On October 26, 2011, Sucha issued a Notice of Removal to Plaintiff, based on the Charge
of Unacceptable Conduct - Conversion of Property. The Notice of Removal stated that
Plaintiff was in violation of Section 665.13 of the Employee and Labor Relations Manual
(“ELM”), which states that employees are expected to discharge their assigned duties
conscientiously and effectively. The Notice of Removal further provided that Plaintiff had
violated Section 274.1 of the Administrative Support Manual (“ASM”), which states that the
Postal Service must protect the sanctity of the mail and any postal employee who violates the
5
sanctity of the mail is subject to administrative discipline, criminal prosecution, or both.

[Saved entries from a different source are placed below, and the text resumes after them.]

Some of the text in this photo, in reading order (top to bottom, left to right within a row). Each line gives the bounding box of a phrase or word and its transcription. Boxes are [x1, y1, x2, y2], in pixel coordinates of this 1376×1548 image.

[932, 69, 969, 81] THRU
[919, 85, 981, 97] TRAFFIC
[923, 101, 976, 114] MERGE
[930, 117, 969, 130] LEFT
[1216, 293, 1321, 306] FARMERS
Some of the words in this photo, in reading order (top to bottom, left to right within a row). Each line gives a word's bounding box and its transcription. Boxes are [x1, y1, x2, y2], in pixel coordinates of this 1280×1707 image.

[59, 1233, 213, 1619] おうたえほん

(Filing 46-4; Filing 46-5, Attachment C.)
18.
During Informal Step A and Formal Step A of the grievance procedure,
Plaintiff was represented by Grunke. On or about October 31, 2011, November 2, 2011,
November 4, 2011, and November 15, 2011, Grunke requested documents from Sucha
regarding the Notice of Removal. (Filing 46-2.)
19.
Throughout the month of November, 2011, Grunke interviewed individuals
regarding Plaintiff’s grievance. On or about November 3, 2011, Grunke interviewed Saddle
Creek Station employees Laurie Baratta, Kevin Bowyer, and Tina Cameron regarding the
handling of UBBM at the Saddle Creek Station. None of these employees admitted to taking
coupons from the UBBM. Grunke also interviewed Saddle Creek Station employee Mary
Edmonds and Zigmund Jedlecki regarding securing the Saddle Creek Station and the outside
gates. Grunke interviewed Allmon on November 3, 2011, and Sucha on November 7, 2011.

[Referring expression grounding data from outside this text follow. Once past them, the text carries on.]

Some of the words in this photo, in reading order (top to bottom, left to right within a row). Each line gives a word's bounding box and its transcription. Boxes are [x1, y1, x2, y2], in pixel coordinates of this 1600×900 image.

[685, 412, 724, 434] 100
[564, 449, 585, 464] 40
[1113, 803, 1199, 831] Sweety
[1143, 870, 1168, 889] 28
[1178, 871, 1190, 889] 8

Grunke interviewed Inmann on November 18, 2011. (Id.)
20.
On or about November 10, 2011, the Union initiated a grievance on behalf of
Plaintiff, objecting to Plaintiff’s removal. The grievance was not resolved during Formal
Step A or Step B of the grievance procedure. The Union requested arbitration of Plaintiff’s
grievance on or about January 20, 2012. (Filing 46-6.)
21.
The arbitration hearing was held on May 2, 2012. J. Mark Sims (“Sims”)

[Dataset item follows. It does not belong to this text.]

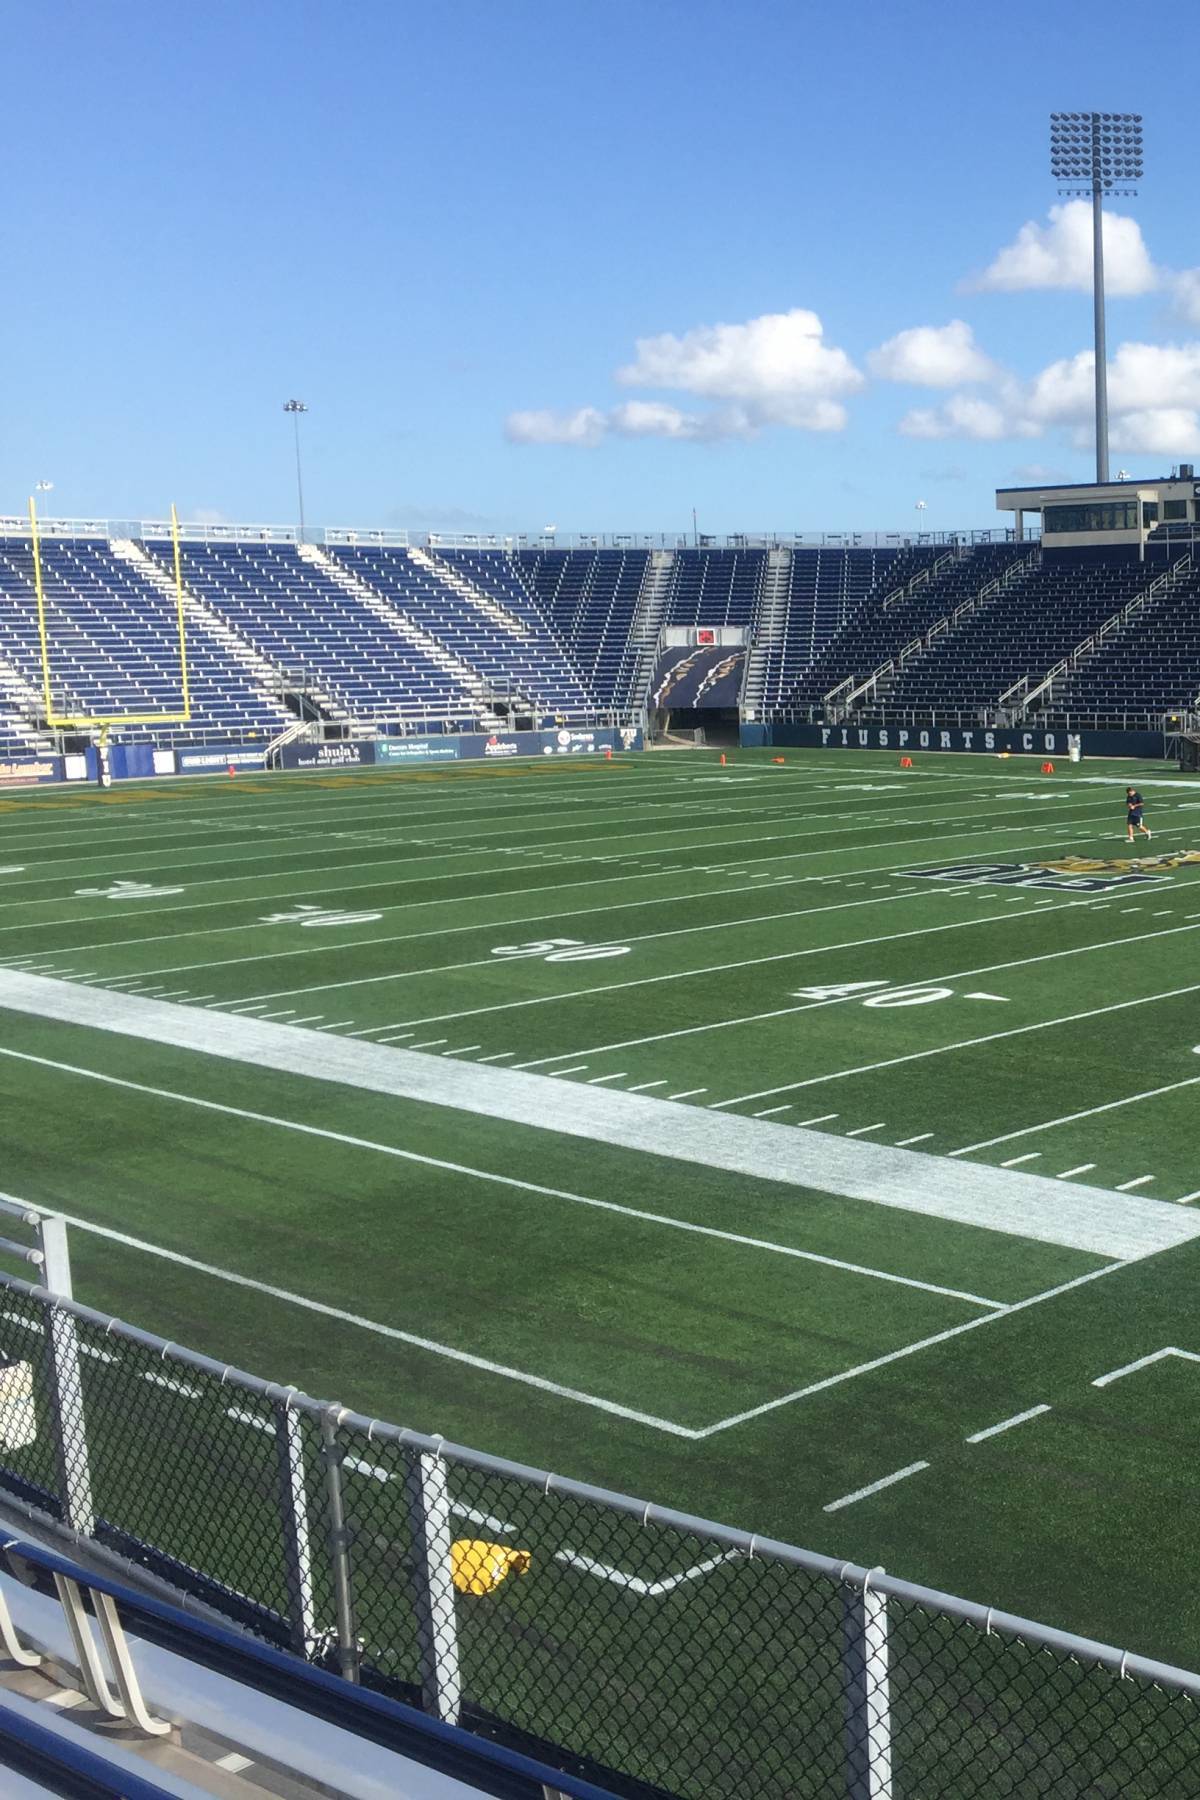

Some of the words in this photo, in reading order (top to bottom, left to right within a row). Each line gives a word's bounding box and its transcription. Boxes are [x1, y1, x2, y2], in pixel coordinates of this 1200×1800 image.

[318, 744, 360, 758] shula's
[298, 758, 316, 766] hotel
[491, 939, 632, 961] 50
[787, 980, 954, 1008] 40

represented the Union during the arbitration process. Sims has represented the Union during
arbitrations since 2000. (Filing 46-1.)
22.
The Union argued at the arbitration that there was not “just cause” to issue the
Notice of Removal. Specifically, the Union asserted that Defendant’s actions were untimely
and that a thorough investigation was not completed. The Union also maintained that the
severity of the discipline was not reasonably related to the infraction and was not in line with
those usually administered. (Filing 42-2; Filing 46-1.)
23.
The Union further asserted that Plaintiff’s rights under NLRB v. J. Weingarten,
6
Inc., 420 U.S. 251 (1975) (“Weingarten”)1 were violated prior to her being interviewed by
the OIG. The Union argued that Allmon was aware of the nature of the OIG inquiry and
should have provided Plaintiff a union steward when she asked if she needed one and also
should have informed Plaintiff as to the reason for the interview. (Filing 42-2; Filing 46-1.)
24.
During the arbitration process, Plaintiff informed Union representatives that
she was allegedly the victim of disparate treatment because other employees had taken items
from UBBM and were not disciplined. Plaintiff did not provide any names of employees
who had taken UBBM. Sims determined that there was insufficient evidence to support a
defense based on disparate treatment. To date, Plaintiff has not provided the names of other
employees who purportedly took items from UBBM for personal use. Plaintiff has stated
that she will not provide any names until she is granted another arbitration. (Filing 46-1;
Filing 71-1.)
25.
On or about May 19, 2012, the Arbitrator denied Plaintiff’s grievance. The
Union did not appeal the Arbitrator’s decision. (Filing 42-2; Filing 46-1.)
26.
Plaintiff filed this action on June 11, 2012, seeking to vacate the arbitration
award. Plaintiff amended her Complaint on March 6, 2013, alleging that Defendant breached
the CBA and that the Union breached its duty of fair representation. Plaintiff also asserts that
the arbitration award should be reversed based on a national public policy requiring
Defendant to provide Weingarten rights to employees such as Plaintiff. (Filing 1; Filing 34.)
SUMMARY JUDGMENT STANDARD
Summary judgment should be granted “if the movant shows that there is no genuine
dispute as to any material fact and the movant is entitled to judgment as a matter of law.”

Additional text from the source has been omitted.